Psychologists and cognitive neuroscientists have argued that subjects with monothematic delusions have anomalous experiences in which the delusions are rooted. However few take anomalous experience to be the only clinically relevant factor. This is the one-factor approach. The orthodoxy, fashioned from the interdisciplinary work of cognitive neuroscientists and philosophers, takes there to be a second clinical factor such as a cognitive deficit, bias, or performance error primarily to explain why not all people with anomalous experiences have delusions. This is the two-factor approach. Despite the popularity of two-factor theories, they have struggled to provide a convincing characterisation of the second factor and its surprising monothematic operation.
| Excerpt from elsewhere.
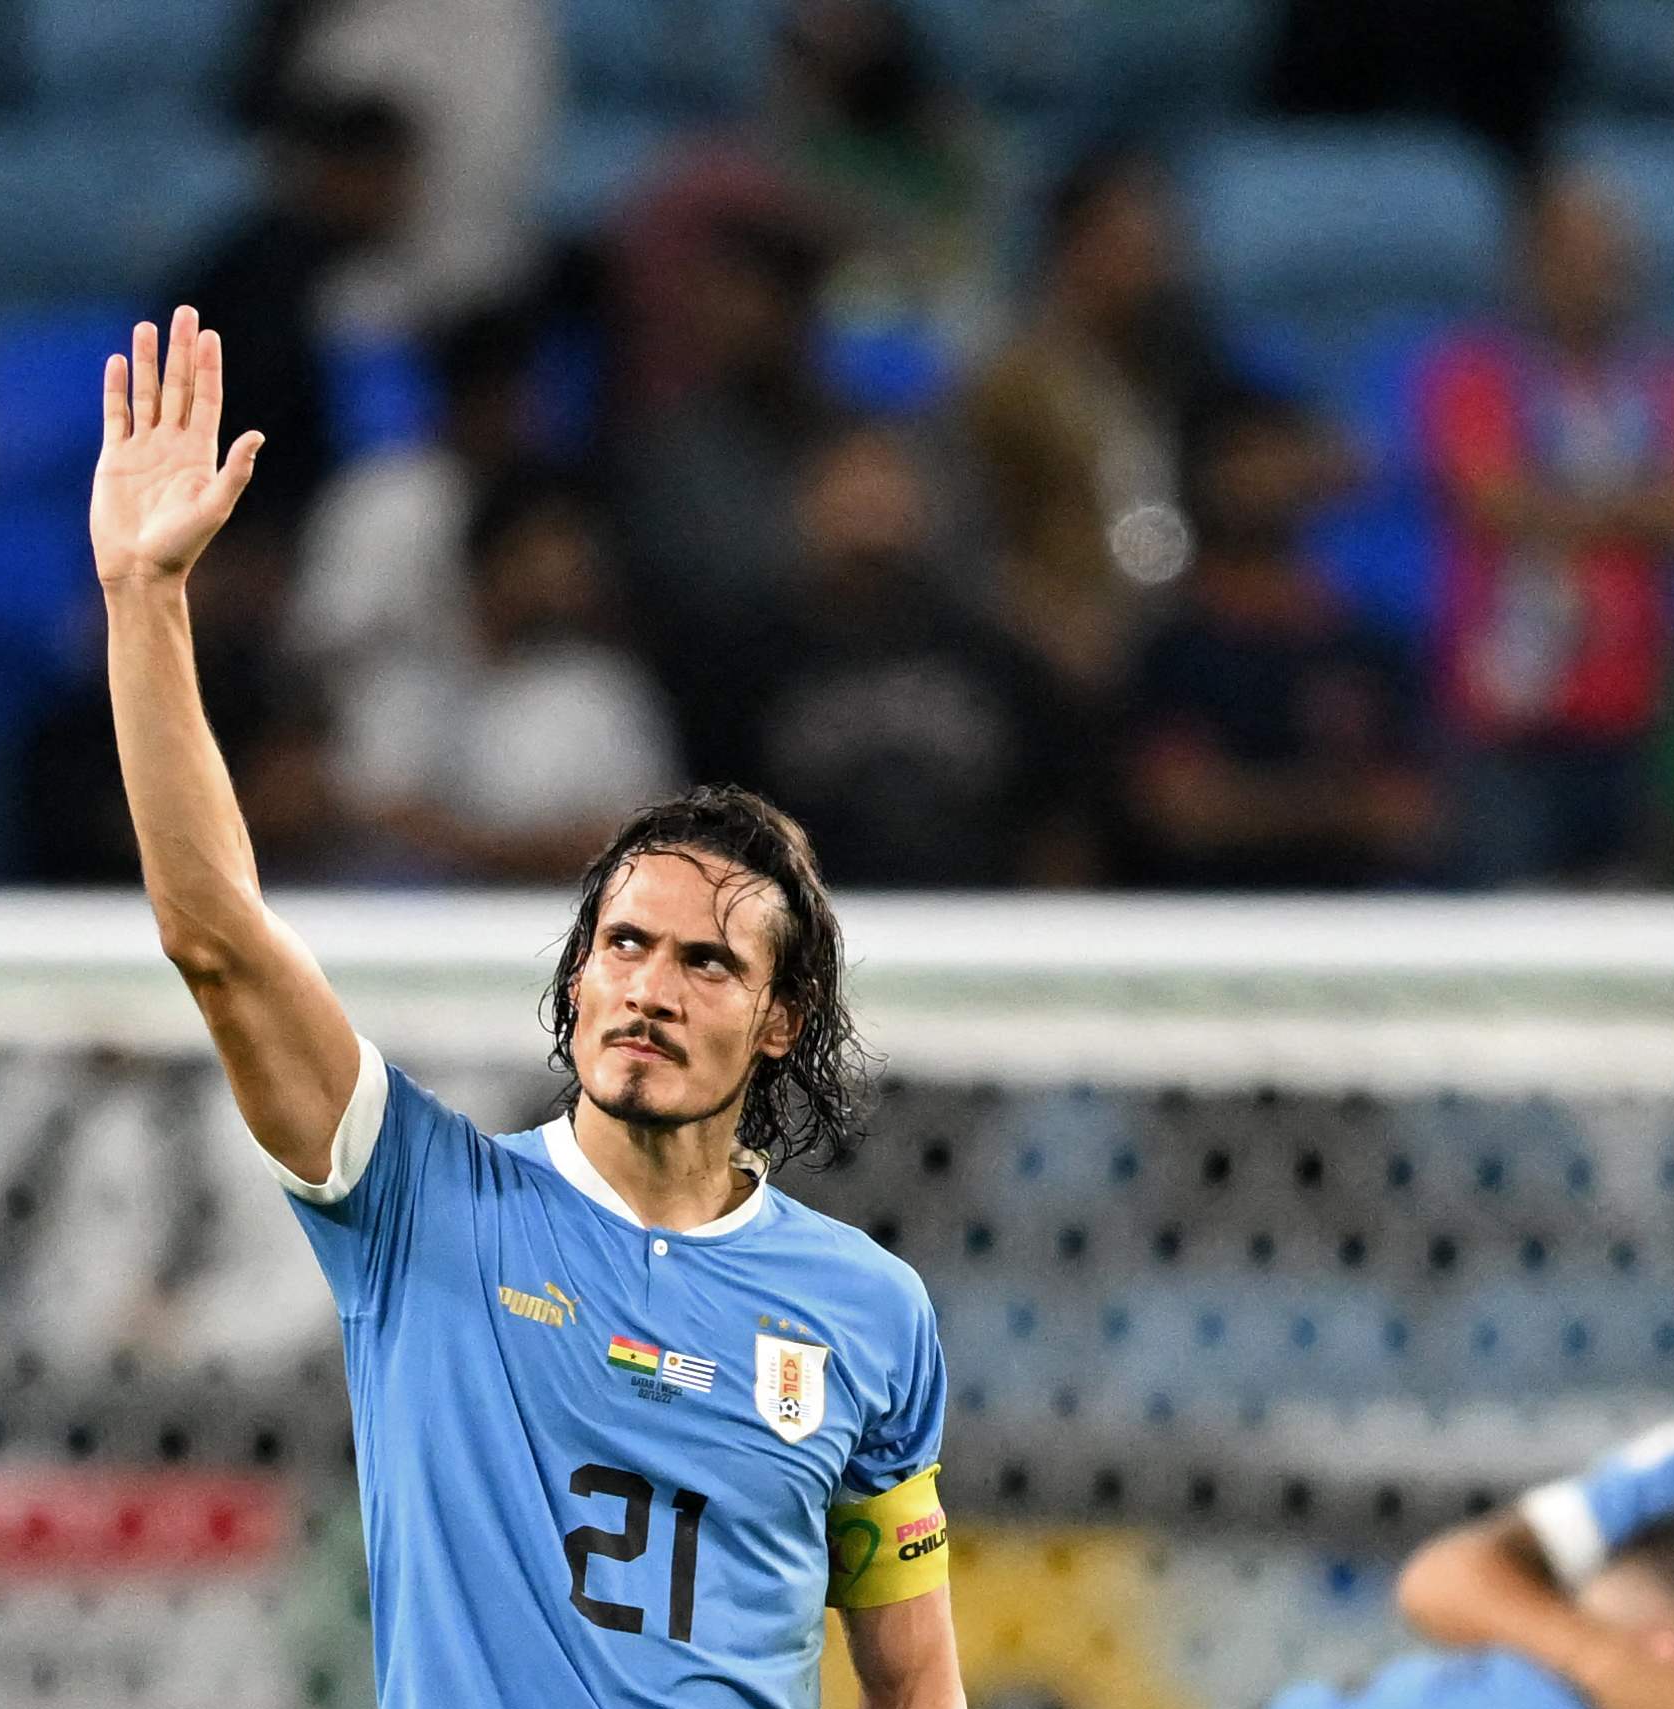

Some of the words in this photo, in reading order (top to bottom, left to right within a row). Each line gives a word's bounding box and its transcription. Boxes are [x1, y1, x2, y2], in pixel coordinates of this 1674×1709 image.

[498, 1286, 563, 1328] PUMA
[783, 1358, 799, 1394] AUF
[564, 1463, 709, 1643] 21
Our leading hypothesis is that we need not go searching for a second factor. Rather, the explanation for different responses to anomalous experiences derives from individual differences between subjects in the normal range, not some distinctive cognitive failing symptomatic of delusions.We argue that the way in which people with delusions reason, from their highly anomalous experience to their very bizarre belief, is normal. To say that the reasoning is normal is not to say that it is rational. Healthy subjects reason in all sorts of irrational ways - it is normal to be irrational! Just as conspiracy theorists, horoscope advocates, and some religious believers have some strange belief-forming practices, so too do people with delusions who face strange experiences, which their resulting delusions help to explain. We do not need to posit special kinds of irrationality to explain delusional belief.
We will investigate how our work on delusional belief interacts with philosophical work on perceptual experience and the nature of belief. Some philosophers in the former area have argued that hallucinatory experiences lack phenomenal character (which is to say, there's nothing it feels like to undergo them). We think that philosophers attracted to this view of hallucinations cannot accept a theory of delusion that appeals to them for, at least, an important class of monothematic delusions (those with positive hallucinatory content as opposed to experience of absence). As for the nature of belief, it is commonplace to think that belief is connected to truth. This is demonstrated by the lack of control we have over our beliefs. Although we can imagine things we do not take to be true - which the world of novels, artworks, and movies make use of - we cannot believe things we do not take to be true. Facts like these have led some philosophers to claim that all beliefs aim at truth. We will explore whether delusional beliefs are linked to truth in this way. If they are not, then perhaps we need to reorient our theory of belief, and if they are so truth-aimed, why do they get things so wrong?